Nos adultos, pode haver dificuldade de concentração em palestras, aulas
ou leitura, desatenção, relutância em iniciar tarefas que exigem longo
esforço mental, problemas com organização, planejamento ou mesmo memória
a curto prazo (marcada pela perda ou esquecimento de objetos, nomes,
prazos, datas). Além disso, pode vir associado a outras doenças como
depressão, transtorno de ansiedade ou distúrbio alimentar.
Uma vez confirmada a existência da doença, no entanto, é importante
recorrer a um tratamento multidisciplinar, assessorado por médicos,
psicoterapia, orientação aos pais e professores.

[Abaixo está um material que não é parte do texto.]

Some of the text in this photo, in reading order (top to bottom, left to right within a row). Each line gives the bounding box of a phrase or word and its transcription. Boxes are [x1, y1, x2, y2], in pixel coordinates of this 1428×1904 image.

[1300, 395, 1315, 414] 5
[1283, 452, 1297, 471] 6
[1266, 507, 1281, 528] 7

Quando há necessidade
do uso de medicamento — em geral o metilfenidato, comercializado sob o
nome de Ritalina —, este deve ser prescrito com bastante critério. O medicamento, alerta Maria Aparecida, é cada vez mais vendido no Brasil, que é atualmente é o segundo maior consumidor do mundo, perdendo apenas para os Estados Unidos:
— A ritalina age como a anfetamina e a cocaína, aumentando a dopamina
(neurotransmissor do prazer) nas sinapses e diminuindo a sensibilidade.
Além disso, quando mal administrado, o remédio pode causar alucinação,
depressão, convulsão, insônia, confusão mental, levar à perda de peso e
atrapalhar o crescimento. A própria bula do remédio indica que ele não
deve ser utilizado em crianças menores de seis anos.
O pediatra Dr. Cypel ressalta que o medicamento é uma opção muito
criteriosa e eventual, mas que não isenta os pais de rever o processo de
desenvolvimento e educação do filho.
— Os pais têm de entender que não podem fazer todos os desejos da
criança. Além disso, precisam estimulá-las a conviver com frustrações e
mostrar que elas têm tarefas, assim como rotina e horários.
Mas atenção: tentar impor uma lista de cobranças à criança pode apenas
agravar a doença. Os pais, de acordo com Cleide, devem aprender a não
criticar sempre a criança por seus erros e passar a ressaltar com mais
frequência os acertos.
— Do contrário, a criança perceberá que recebe muita atenção dos pais
quando faz coisas inadequadas, e isso fará seu comportamento ficar pior.